Task brief
Below is a listing. Output every line of it exactly.

==================================================

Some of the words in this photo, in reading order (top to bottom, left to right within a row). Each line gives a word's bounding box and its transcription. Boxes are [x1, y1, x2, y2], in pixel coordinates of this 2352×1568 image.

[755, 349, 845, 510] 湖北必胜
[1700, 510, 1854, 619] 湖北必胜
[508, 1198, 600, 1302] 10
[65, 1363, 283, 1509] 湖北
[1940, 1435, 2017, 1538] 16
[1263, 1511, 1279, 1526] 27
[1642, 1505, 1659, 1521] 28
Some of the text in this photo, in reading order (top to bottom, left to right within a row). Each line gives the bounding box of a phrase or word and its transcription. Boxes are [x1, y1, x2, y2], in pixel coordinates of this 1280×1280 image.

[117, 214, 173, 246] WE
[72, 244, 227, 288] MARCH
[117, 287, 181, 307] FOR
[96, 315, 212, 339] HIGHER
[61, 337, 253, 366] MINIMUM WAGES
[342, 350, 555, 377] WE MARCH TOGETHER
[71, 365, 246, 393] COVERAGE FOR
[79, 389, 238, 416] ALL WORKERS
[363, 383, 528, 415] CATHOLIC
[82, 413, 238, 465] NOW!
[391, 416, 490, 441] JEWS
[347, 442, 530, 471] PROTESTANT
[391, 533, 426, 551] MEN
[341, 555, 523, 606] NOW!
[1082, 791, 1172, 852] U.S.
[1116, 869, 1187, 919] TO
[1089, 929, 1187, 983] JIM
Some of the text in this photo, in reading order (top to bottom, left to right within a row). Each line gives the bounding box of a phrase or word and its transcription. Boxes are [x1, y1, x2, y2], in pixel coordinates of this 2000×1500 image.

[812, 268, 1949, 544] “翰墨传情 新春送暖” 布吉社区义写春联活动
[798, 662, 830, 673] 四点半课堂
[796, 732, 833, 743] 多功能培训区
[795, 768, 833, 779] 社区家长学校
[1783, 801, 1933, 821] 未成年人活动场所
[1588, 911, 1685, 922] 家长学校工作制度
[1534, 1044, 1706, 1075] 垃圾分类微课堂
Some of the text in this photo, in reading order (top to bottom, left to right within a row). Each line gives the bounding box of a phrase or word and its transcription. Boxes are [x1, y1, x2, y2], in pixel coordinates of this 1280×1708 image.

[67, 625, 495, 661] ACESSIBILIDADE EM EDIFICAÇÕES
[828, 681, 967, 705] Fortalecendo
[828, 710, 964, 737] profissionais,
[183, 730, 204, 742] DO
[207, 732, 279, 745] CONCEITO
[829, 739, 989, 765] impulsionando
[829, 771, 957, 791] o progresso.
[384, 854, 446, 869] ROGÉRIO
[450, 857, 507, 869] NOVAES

==================================================

Solution to the problem
Some of the words in this photo, in reading order (top to bottom, left to right within a row). Each line gives a word's bounding box and its transcription. Boxes are [x1, y1, x2, y2], in pixel coordinates of this 2352×1568 image.

[755, 349, 845, 510] 湖北必胜
[1700, 510, 1854, 619] 湖北必胜
[508, 1198, 600, 1302] 10
[65, 1363, 283, 1509] 湖北
[1940, 1435, 2017, 1538] 16
[1263, 1511, 1279, 1526] 27
[1642, 1505, 1659, 1521] 28
Some of the text in this photo, in reading order (top to bottom, left to right within a row). Each line gives the bounding box of a phrase or word and its transcription. Boxes are [x1, y1, x2, y2], in pixel coordinates of this 1280×1280 image.

[117, 214, 173, 246] WE
[72, 244, 227, 288] MARCH
[117, 287, 181, 307] FOR
[96, 315, 212, 339] HIGHER
[61, 337, 253, 366] MINIMUM WAGES
[342, 350, 555, 377] WE MARCH TOGETHER
[71, 365, 246, 393] COVERAGE FOR
[79, 389, 238, 416] ALL WORKERS
[363, 383, 528, 415] CATHOLIC
[82, 413, 238, 465] NOW!
[391, 416, 490, 441] JEWS
[347, 442, 530, 471] PROTESTANT
[391, 533, 426, 551] MEN
[341, 555, 523, 606] NOW!
[1082, 791, 1172, 852] U.S.
[1116, 869, 1187, 919] TO
[1089, 929, 1187, 983] JIM
Some of the text in this photo, in reading order (top to bottom, left to right within a row). Each line gives the bounding box of a phrase or word and its transcription. Boxes are [x1, y1, x2, y2], in pixel coordinates of this 2000×1500 image.

[812, 268, 1949, 544] “翰墨传情 新春送暖” 布吉社区义写春联活动
[798, 662, 830, 673] 四点半课堂
[796, 732, 833, 743] 多功能培训区
[795, 768, 833, 779] 社区家长学校
[1783, 801, 1933, 821] 未成年人活动场所
[1588, 911, 1685, 922] 家长学校工作制度
[1534, 1044, 1706, 1075] 垃圾分类微课堂
Some of the text in this photo, in reading order (top to bottom, left to right within a row). Each line gives the bounding box of a phrase or word and its transcription. Boxes are [x1, y1, x2, y2], in pixel coordinates of this 1280×1708 image.

[67, 625, 495, 661] ACESSIBILIDADE EM EDIFICAÇÕES
[828, 681, 967, 705] Fortalecendo
[828, 710, 964, 737] profissionais,
[183, 730, 204, 742] DO
[207, 732, 279, 745] CONCEITO
[829, 739, 989, 765] impulsionando
[829, 771, 957, 791] o progresso.
[384, 854, 446, 869] ROGÉRIO
[450, 857, 507, 869] NOVAES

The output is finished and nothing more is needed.